WHAT IS EXPECTED —
Nothing but the images should be left out when the entries are restated word for word.

SOURCE RECORDS below:

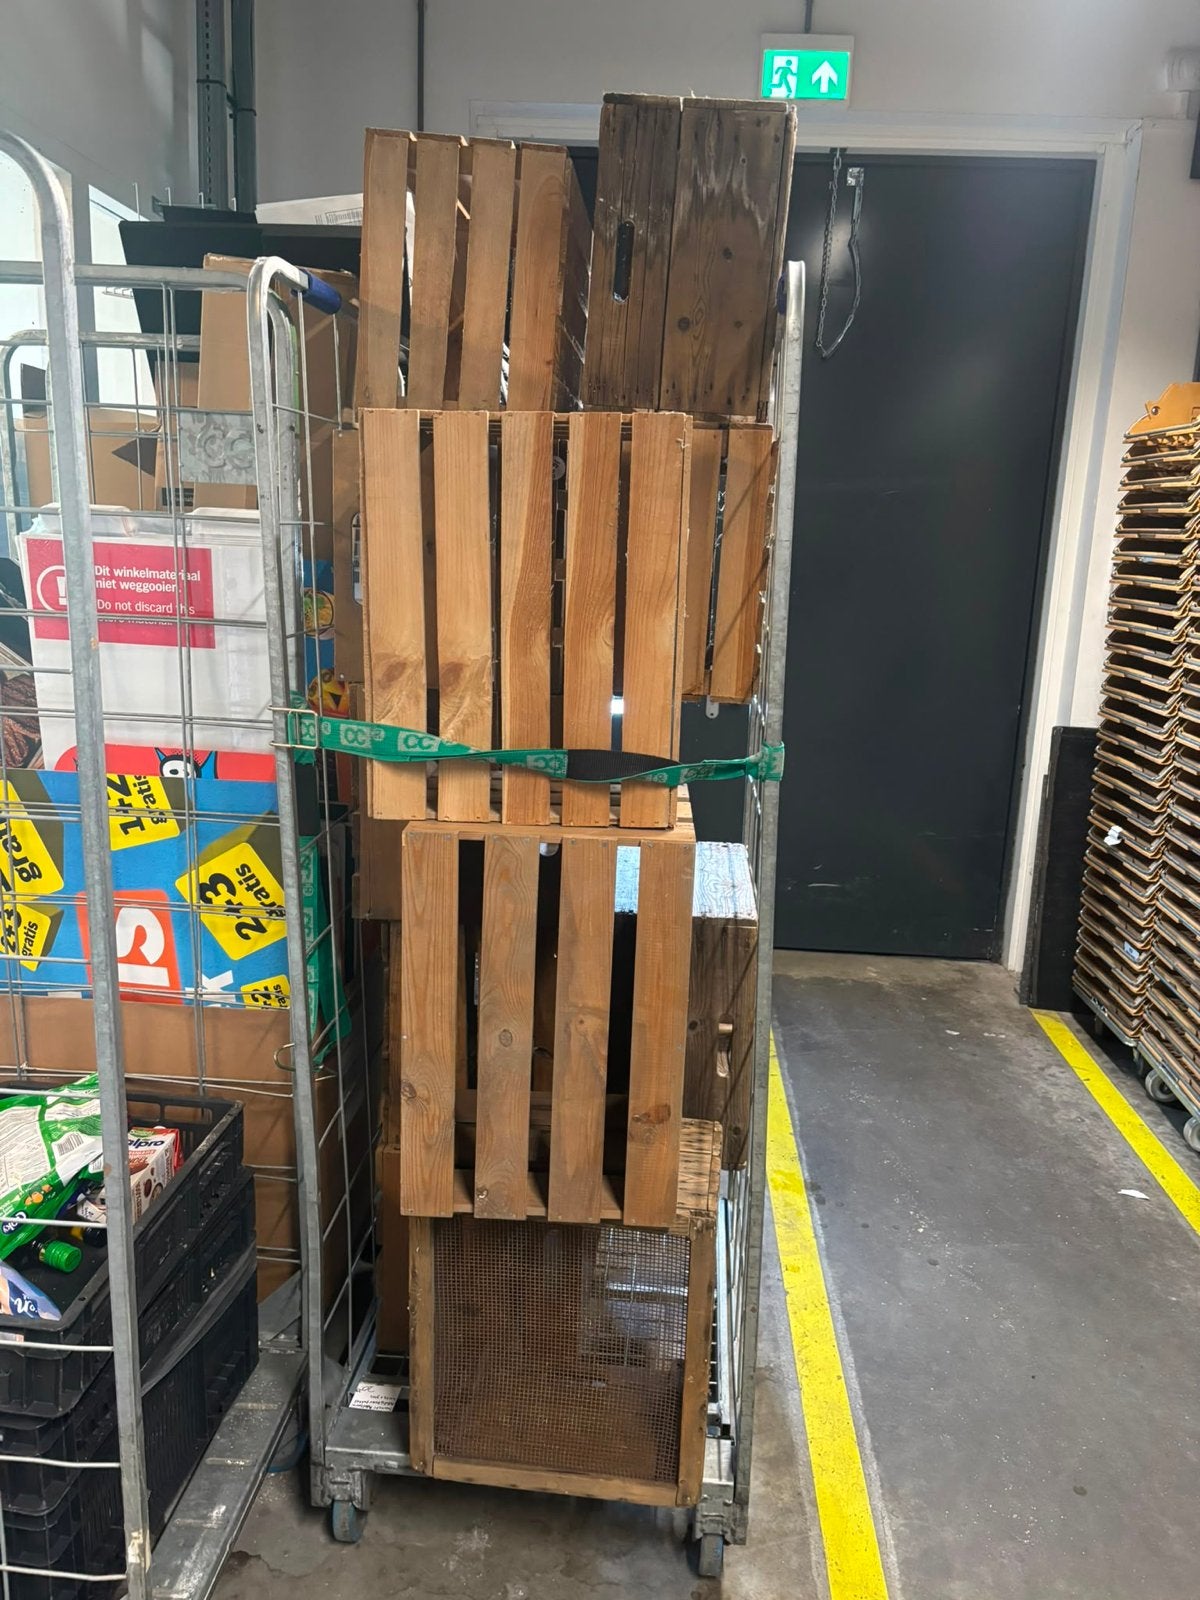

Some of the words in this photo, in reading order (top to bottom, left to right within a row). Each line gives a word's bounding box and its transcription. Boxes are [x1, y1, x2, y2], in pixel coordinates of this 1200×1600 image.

[95, 565, 110, 576] Dit
[95, 578, 117, 589] niet
[97, 599, 112, 610] Do
[115, 601, 132, 612] not
[135, 601, 173, 613] discard
[344, 726, 366, 745] CC
[403, 733, 435, 750] CC
[235, 863, 286, 921] gratis
[200, 873, 268, 940] 2+3
[22, 921, 39, 957] gratis
[128, 1139, 164, 1149] alpro

End of SOURCE RECORDS.

SOLUTION FOR THIS PROBLEM —
Some of the words in this photo, in reading order (top to bottom, left to right within a row). Each line gives a word's bounding box and its transcription. Boxes are [x1, y1, x2, y2], in pixel coordinates of this 1200×1600 image.

[95, 565, 110, 576] Dit
[95, 578, 117, 589] niet
[97, 599, 112, 610] Do
[115, 601, 132, 612] not
[135, 601, 173, 613] discard
[344, 726, 366, 745] CC
[403, 733, 435, 750] CC
[235, 863, 286, 921] gratis
[200, 873, 268, 940] 2+3
[22, 921, 39, 957] gratis
[128, 1139, 164, 1149] alpro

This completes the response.